Monday, 5 April 2010

Critiques. How? What? Erm?

Critique groups. Critique partners and just critiques in general make my stomach quiver.

Now, I have excellent critique buddies who I trust to give it to me straight so I can make my novel the best I can. But the one thing I want to get off my chest is my critique method.

I want to be a good crit buddy. To help, give advice, support and all the usual stuff but I worry about my methods. Am I too soft and should I be harsher? Should I critique for the sake of it? Or just comment on the bits I think need it?

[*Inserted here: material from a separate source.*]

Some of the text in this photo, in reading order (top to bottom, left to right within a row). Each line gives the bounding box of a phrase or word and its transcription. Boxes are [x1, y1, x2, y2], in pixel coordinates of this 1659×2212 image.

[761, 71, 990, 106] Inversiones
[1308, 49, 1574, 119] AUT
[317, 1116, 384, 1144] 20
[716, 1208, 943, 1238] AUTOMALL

Sometimes I just feel I'm lacking the critique gene :(

I read a lot. As a result tend to critique from the perspective of a reader. I read twice, crit once. I'm not grammar queen but I have my skills, so I'm told. Plus, I can spot a repetitive word like a demon.

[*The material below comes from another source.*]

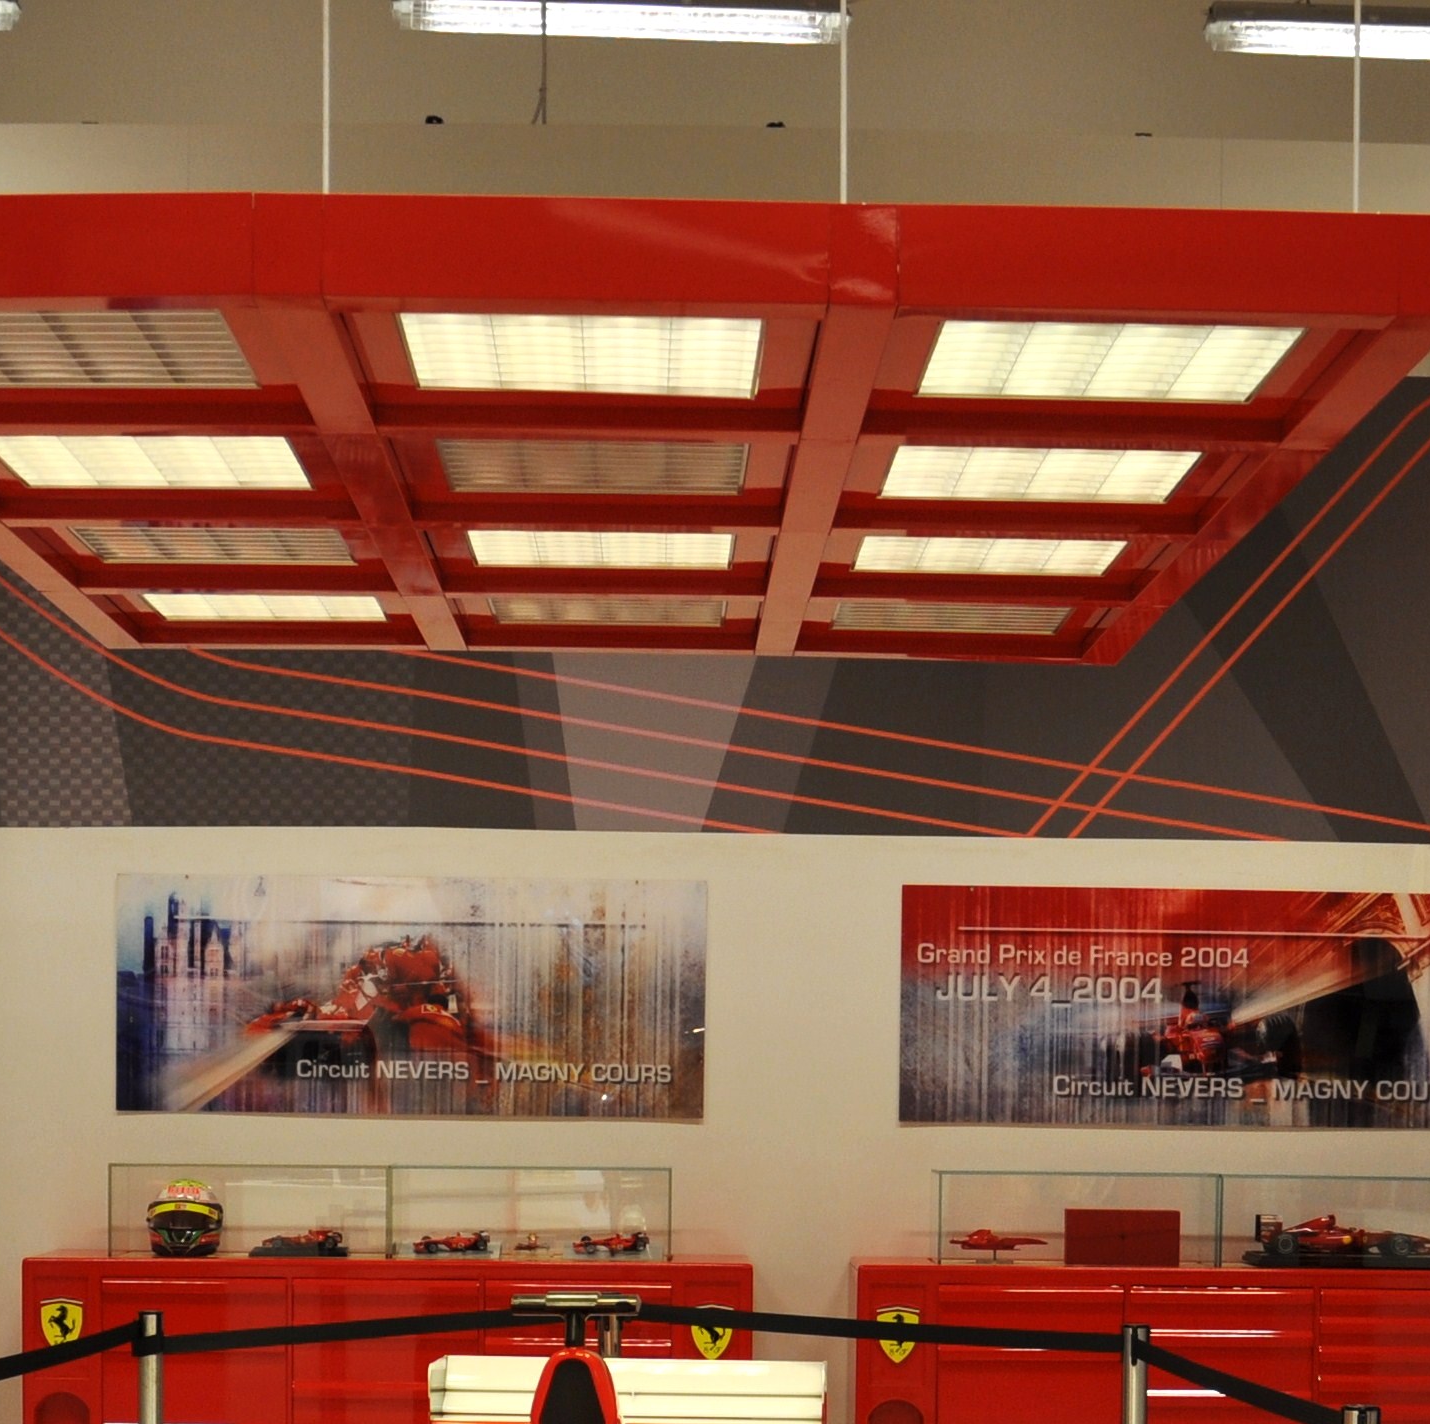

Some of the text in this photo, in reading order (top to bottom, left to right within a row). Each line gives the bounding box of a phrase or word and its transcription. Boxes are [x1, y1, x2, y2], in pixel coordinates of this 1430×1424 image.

The valuable thing about crit groups is each person brings a different skill. I'm the one who will tell you what I like, what I don't get etc. There are others who have the amazing ability to be blunter but that's just not me.

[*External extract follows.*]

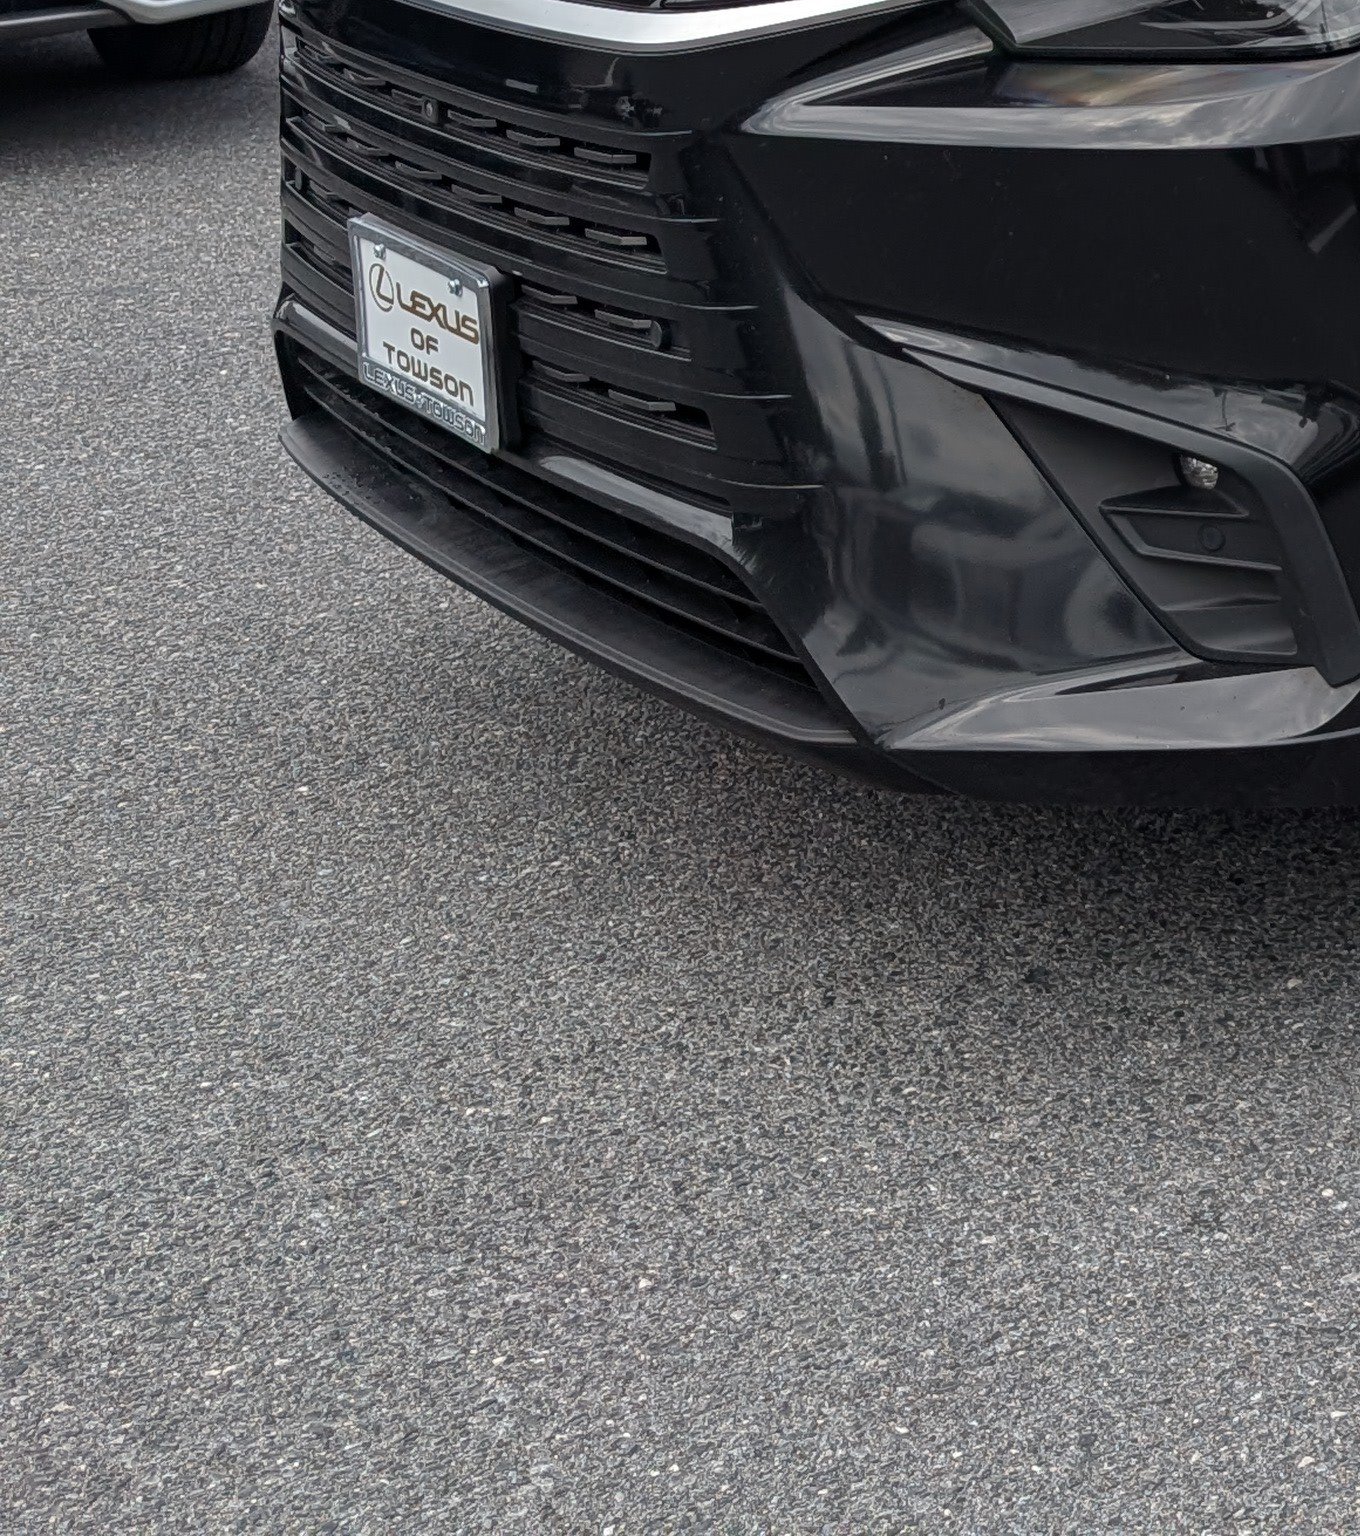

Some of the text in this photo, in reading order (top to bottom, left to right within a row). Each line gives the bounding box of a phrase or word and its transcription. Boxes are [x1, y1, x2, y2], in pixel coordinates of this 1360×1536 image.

[396, 281, 480, 345] LEXUS
[410, 327, 439, 356] OF
[362, 362, 418, 405] LEXUS

So I've found some handy tips to, hopefully, help with critiques.

Jana did a couple of cool posts on critique groups and tips:

And here's some more:

Now it's open to you guys. How do you approach critiquing?


JE said...

Like you, I tend to crit like a reader. I'm not big on grammar stuff, I can't even catch those problems in my own ms. I'm soft...but firm at the same time. I always point out what doesn't work for me. What sounds weird. Descriptions that don't make sense. Wordiness. Plot problems I find. General, what the heck was the writer thinking? I just tend to find things I like/don't like/see a problem with and point them out. There's really no "right" and "wrong" way. Like you said - everyone brings different skills to the table.

Shannon O'Donnell said...

Awesome! Thanks so much for the links. And as for your crit. abilities, you're right - we all bring different strengths and viewpoints to a manuscript, which is why having more than one crit. partner is beneficial. Offer what you do best, and it will always be appreciated. :-)

Eeleen Lee said...

I tend to approach it two ways- first as a reader in a bookshop and then as an agent (because in the end, we all want to sell the story)

Talli Roland said...

I try to be honest, but temper that with sensitivity. It's hard but I believe people come to you to hear what you think... so you owe it to them.

Elana Johnson said...

I'm sort of like you, but I point out what I find to be absolutely unbelievable. And I can't help line editing. It's like a disease or something.

Overall, I think the best advice about crits is to surround yourself with people you love. That way, when they slash you open and make you bleed, you know it's out of love and not because they enjoy it.

Mayowa said...

I definitely look at the big picture when I critique manuscripts. Things like pacing, motivation and tension etc.

I'm pretty hopeless at line editing and depend on my critique partners and editors to catch my errors.

It's good to be firm i think. Most mature writers (who are these self disciplined aliens anyway?) can take a firm critique. Me? I obsess over feedback big time.

Zoe C. Courtman said...

Critiquing is definitely harrowing - whether you're on the giving or receiving end (right now, I'm quivering because I'm waiting on Moonrat's (from Editorial Ass) crit of my first 20 pages. Ack!). When giving them, I look at the big picture and also focus on the line-by-line since, yanno, punctuation can change the whole meaning of a sentence. And I always start off by giving the writer some positives :)

Anonymous said...

I try to give the kind of critique I want to get-honest, but helpful. If I see a problem, I say because that's what I'm expecting from my critique buddies. But I try to phrase it in a way that's constructive, and I always present it as my humble opinion.